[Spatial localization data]
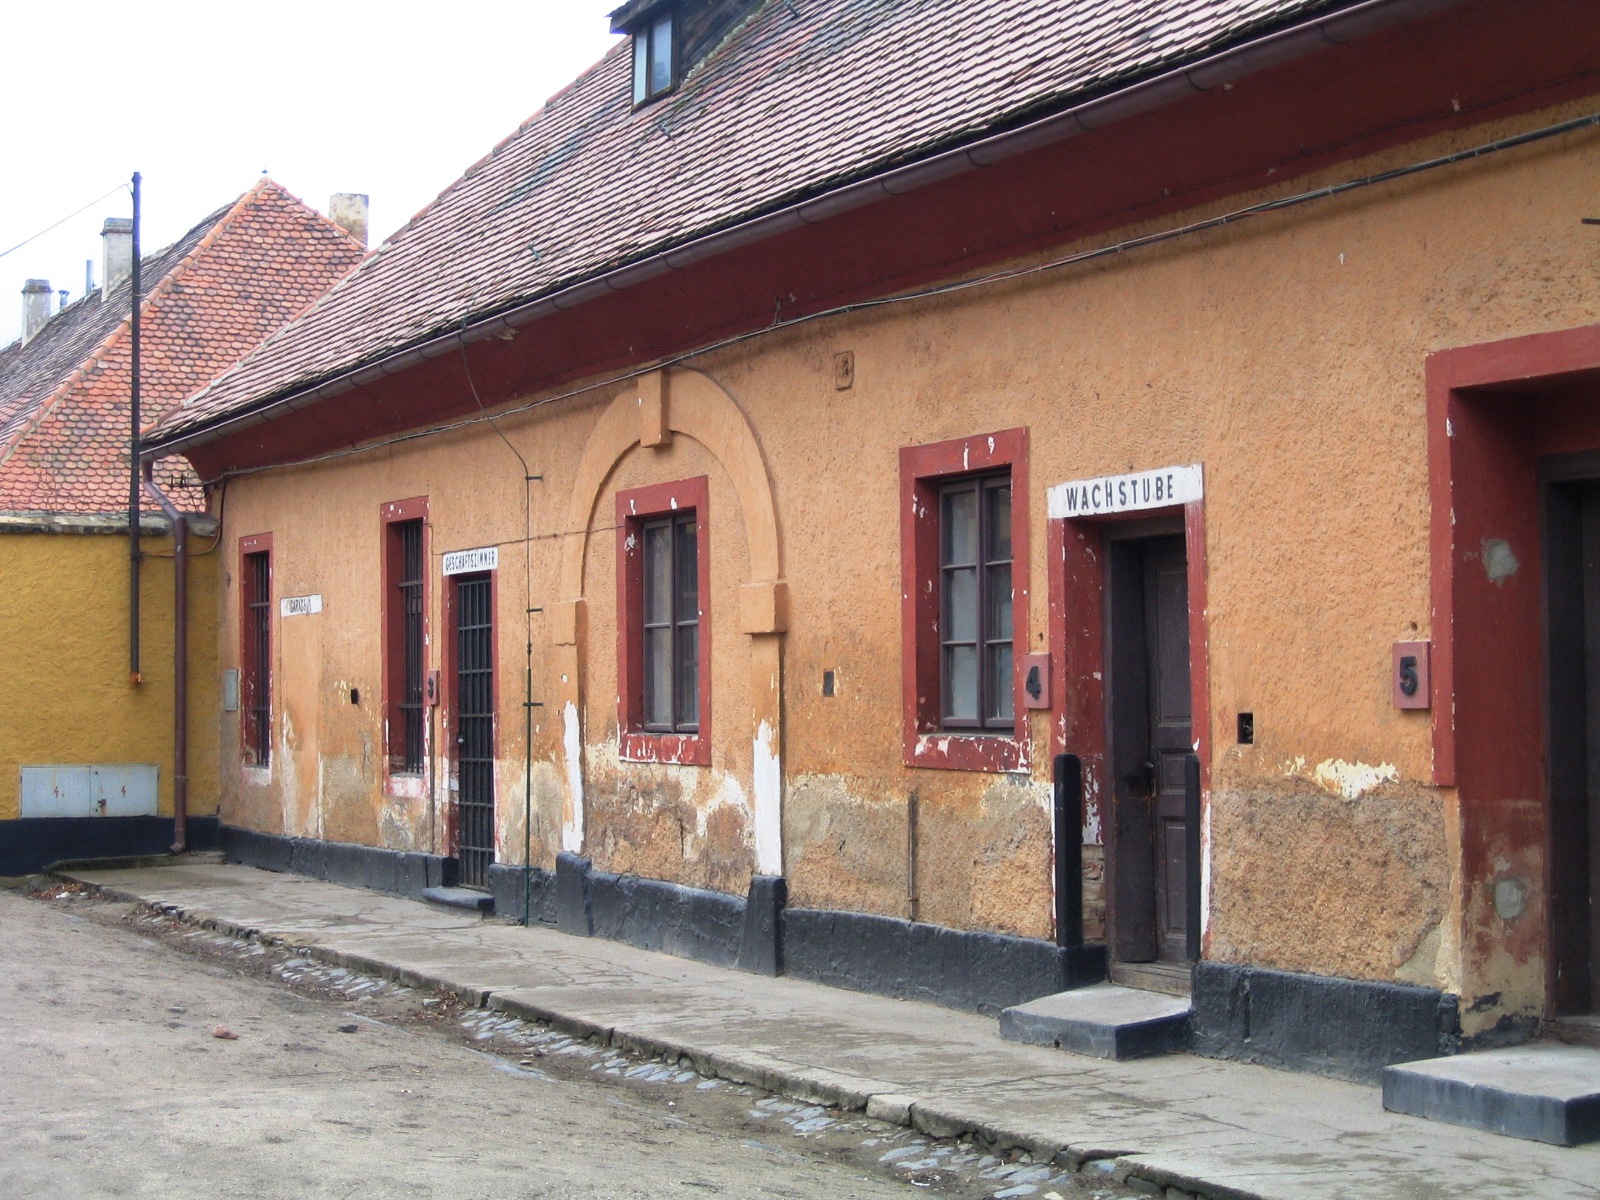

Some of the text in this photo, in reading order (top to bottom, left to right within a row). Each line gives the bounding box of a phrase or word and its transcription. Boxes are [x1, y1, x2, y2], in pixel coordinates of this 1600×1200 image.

[1066, 474, 1174, 512] WACHSTUBE
[1026, 665, 1042, 700] 4
[1399, 655, 1418, 696] 5
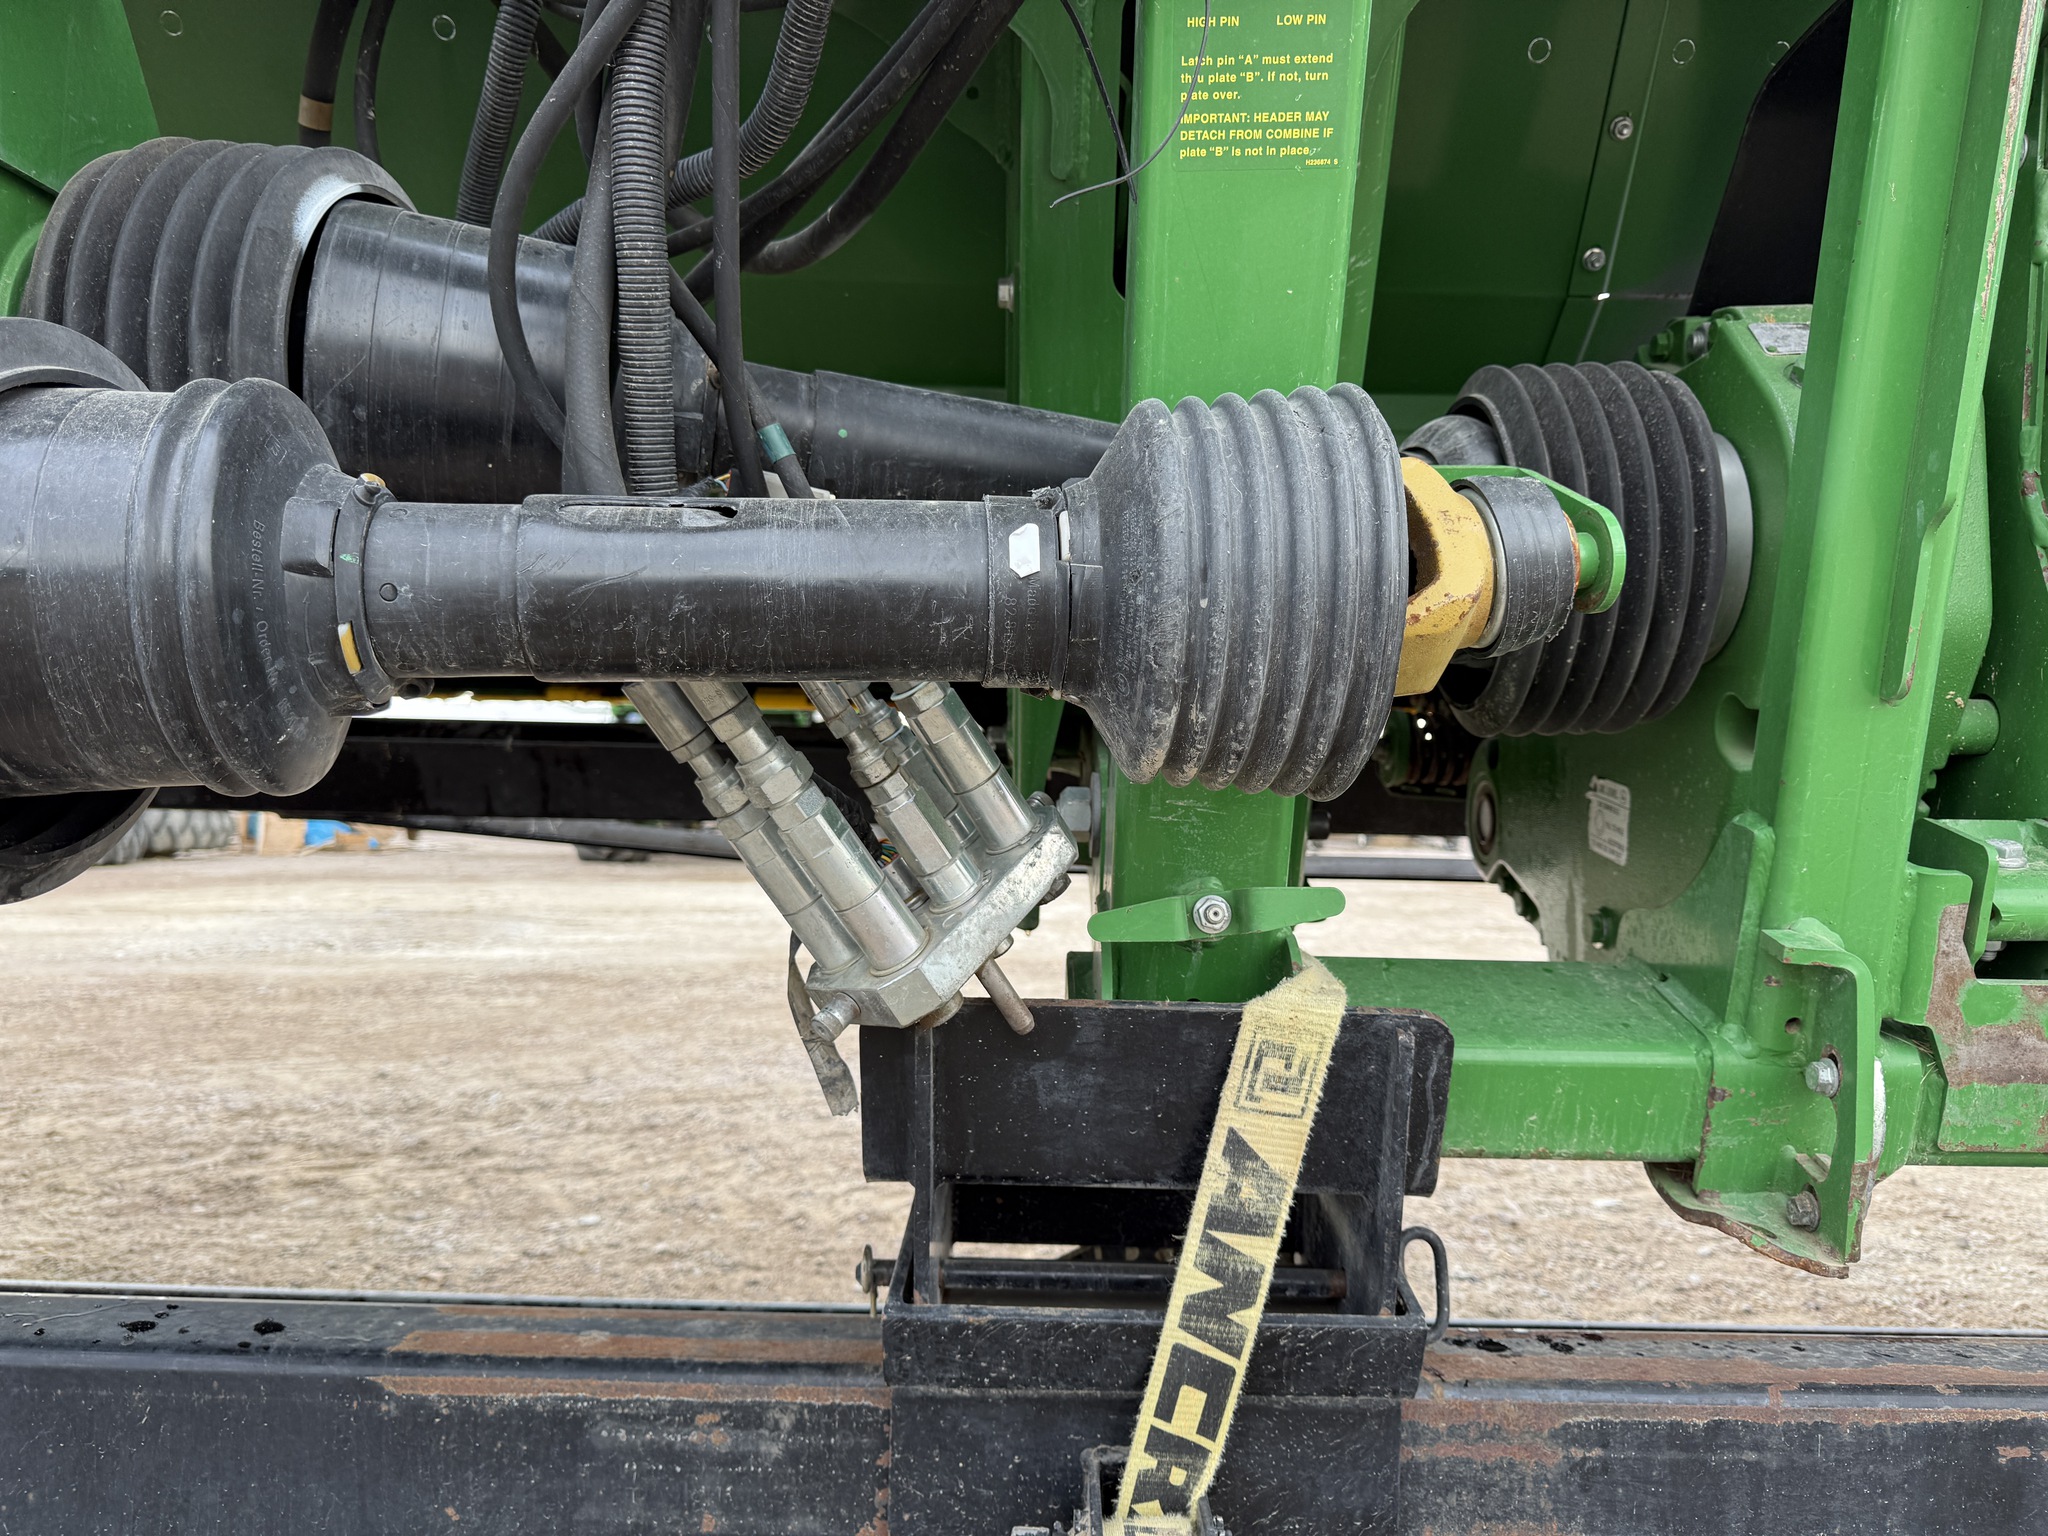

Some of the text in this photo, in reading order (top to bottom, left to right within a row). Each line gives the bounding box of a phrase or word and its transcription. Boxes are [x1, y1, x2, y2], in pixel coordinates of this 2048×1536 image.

[1187, 16, 1239, 27] HIGH PIN
[1277, 14, 1326, 25] LOW PIN
[1182, 56, 1212, 66] Latch
[1217, 55, 1234, 67] pin
[1262, 54, 1290, 64] must
[1294, 54, 1333, 64] extend
[1181, 74, 1204, 83] thu
[1208, 73, 1236, 85] plate
[1268, 71, 1275, 81] If
[1279, 72, 1301, 82] not,
[1305, 71, 1328, 80] turn
[1181, 91, 1240, 102] pate over.
[1180, 111, 1329, 124] IMPORTANT: HEADER MAY
[1180, 128, 1333, 140] DETACH FROM COMBINE IF
[1180, 147, 1206, 159] plate
[1232, 146, 1241, 156] is
[1245, 147, 1262, 156] not
[1267, 146, 1276, 155] in
[251, 519, 265, 600] Bestell-Nr.
[1131, 1126, 1290, 1518] ANCR
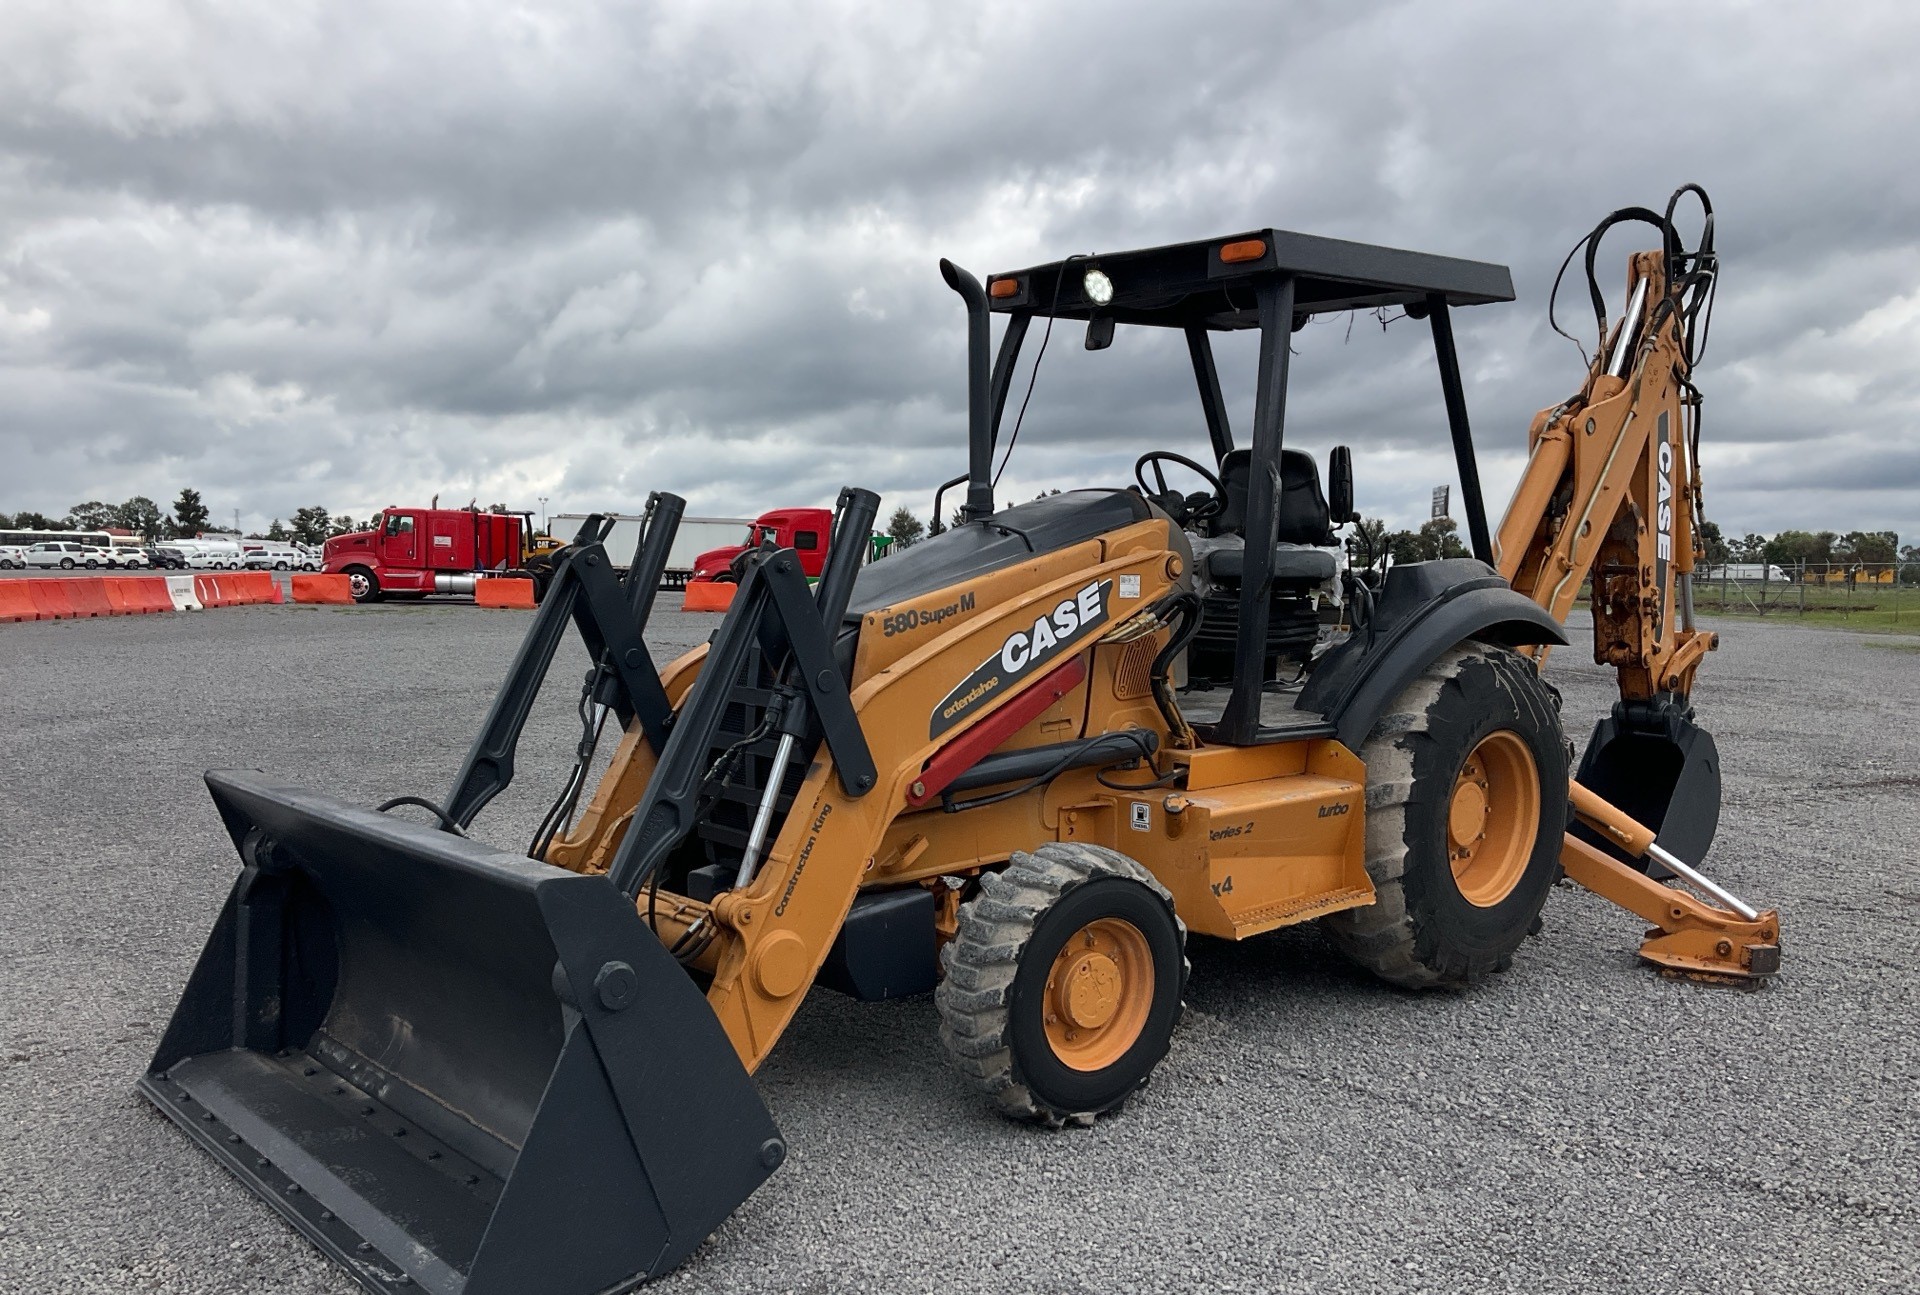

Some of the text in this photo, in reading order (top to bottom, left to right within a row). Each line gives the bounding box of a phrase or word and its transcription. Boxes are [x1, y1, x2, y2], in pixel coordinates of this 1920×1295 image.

Goal of the exercise:
Reproduce each line of the records exactly, omitting any picture.

Task response:
Some of the text in this photo, in reading order (top to bottom, left to right within a row). Each line gives the bounding box of a phrase or word and its transcription. Boxes are [x1, y1, x2, y2], in pixel coordinates of this 1600×1200 image.

[1066, 474, 1174, 512] WACHSTUBE
[1026, 665, 1042, 700] 4
[1399, 655, 1418, 696] 5

Some of the text in this photo, in reading order (top to bottom, left to right within a row). Each line gives the bounding box of a phrase or word and its transcription. Boxes are [x1, y1, x2, y2], in pixel coordinates of this 2048×1536 image.

[1187, 16, 1239, 27] HIGH PIN
[1277, 14, 1326, 25] LOW PIN
[1182, 56, 1212, 66] Latch
[1217, 55, 1234, 67] pin
[1262, 54, 1290, 64] must
[1294, 54, 1333, 64] extend
[1181, 74, 1204, 83] thu
[1208, 73, 1236, 85] plate
[1268, 71, 1275, 81] If
[1279, 72, 1301, 82] not,
[1305, 71, 1328, 80] turn
[1181, 91, 1240, 102] pate over.
[1180, 111, 1329, 124] IMPORTANT: HEADER MAY
[1180, 128, 1333, 140] DETACH FROM COMBINE IF
[1180, 147, 1206, 159] plate
[1232, 146, 1241, 156] is
[1245, 147, 1262, 156] not
[1267, 146, 1276, 155] in
[251, 519, 265, 600] Bestell-Nr.
[1131, 1126, 1290, 1518] ANCR

Some of the text in this photo, in reading order (top to bottom, left to right within a row). Each line gives the bounding box of a phrase or word and its transcription. Boxes are [x1, y1, x2, y2], in pixel coordinates of this 1920×1295 image.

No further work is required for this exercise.